The "pgd" is a kernel pointer into the page directory. Often, this is
just a software structure (as in the MIPS, where tlb's are updated
and the hardware does not really look at the page directory), and often
it is viewed by the hardware (as in ia32).

The "context" field is a processor mmu field, which is used in some
processors (MIPS, sparc), but not on others. Similarly, the "segments"
field is also a processor specific field, which is used just on ia32
to track the LDT. The "cpu_vm_mask" is also just used on the sparcs.

Currently, the "def_flags" has only one possible value, ie VM_LOCKED,
and indicates whether future-locking is enable on the address space.
The "locked_vm" tracks the total number of locked pages (sum of pages
in locked vma's, somewhat different for the stack) in the address
space for accounting/reservation reasons. The "total_vm" tracks the
total address space summed over all the vma's. The "rss" tracks the
number of incore pages belonging to the address space.

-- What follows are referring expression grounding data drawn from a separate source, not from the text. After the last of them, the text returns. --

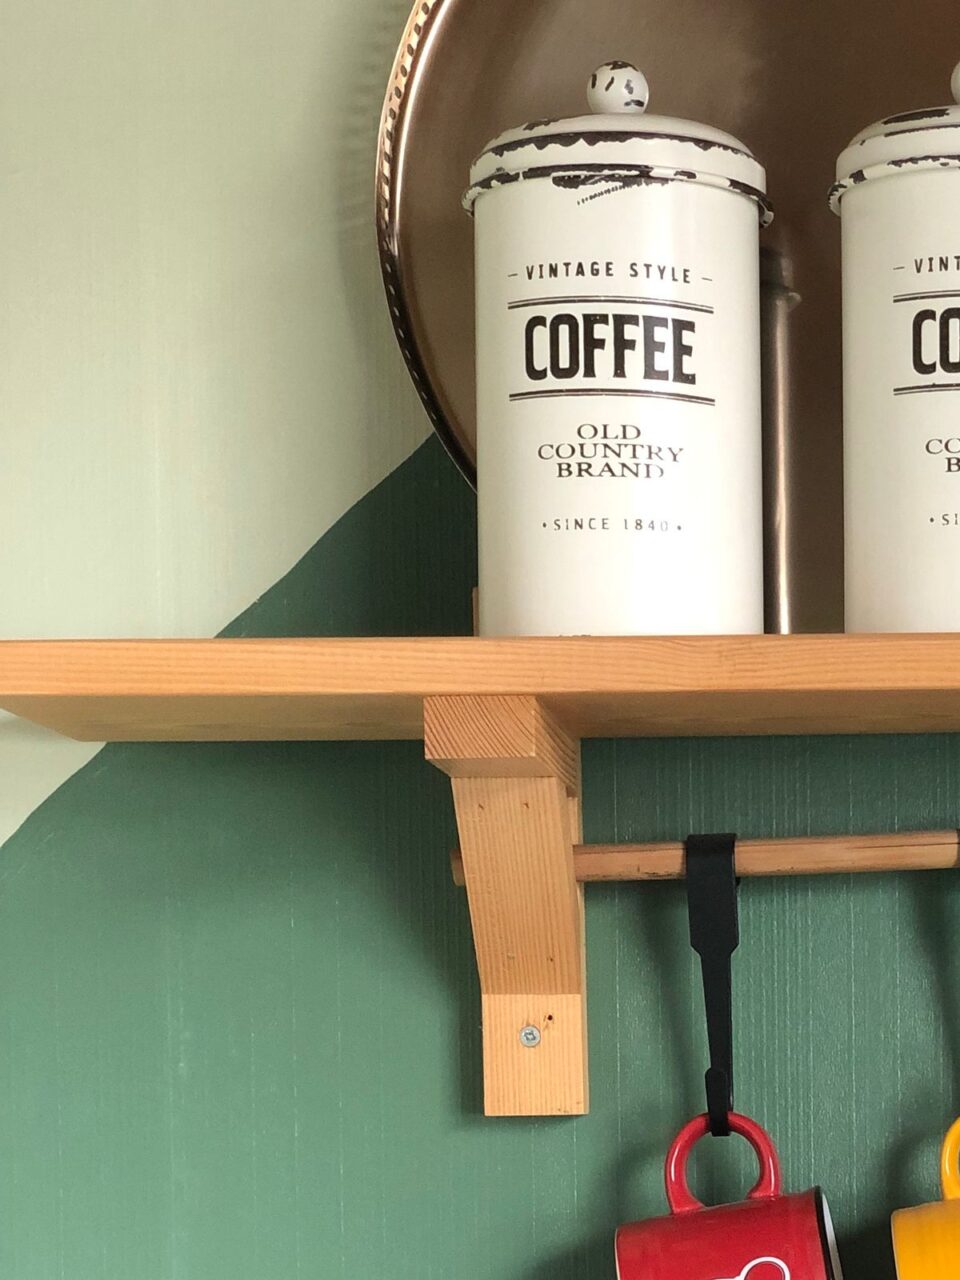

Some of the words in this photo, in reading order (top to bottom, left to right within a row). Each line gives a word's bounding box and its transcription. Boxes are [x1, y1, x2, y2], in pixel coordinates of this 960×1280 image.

[526, 262, 614, 280] VINTAGE
[629, 263, 690, 283] STYLE
[525, 313, 696, 385] COFFEE
[577, 424, 641, 440] OLD
[538, 443, 684, 462] COUNTRY
[556, 462, 664, 478] BRAND
[553, 518, 610, 531] SINCE
[623, 519, 669, 532] 1840

The "swap_address" and "swap_cnt" fields are used to determine how
many pages to steal, and from which address range, when memory runs
low. The "swap_address" is maintained as a rotor. The "swap_cnt" field
is used to search for the best process to steal pages from depending
on the process' address space "rss".

The "arg_start", "arg_end", "env_start" and "env_end" are no misnomers,
and maintain the user's virtual address to the argv[] and env[] for the 
executing image on its stack, and can be queried via procfs. The fields
"start_code", "end_code", "start_data" and "end_data" are similar. These 
are set up at exec time, when the kernel creates the stack for the program
and populates it with the argv/env arrays. The "end_code" field is used
in the brk() system call to make sure that the break area does not run
into code, and that the data is within rlimits boundary. The "start_stack"
is also set at exec time, and is only used by shared memory to make
sure some growing place is left for the stack (WHY NOT FOR OTHER MMAPS?)
"start_brk" is also set at exec time, but the "brk" value changes as
the program issues brk system call to get more data space.

VMA
----
The definition of a vma is in linux/mm.h.

Each vma tracks an address range allocated to the address space. The 
address range is maintained in "vm_start" and "vm_end".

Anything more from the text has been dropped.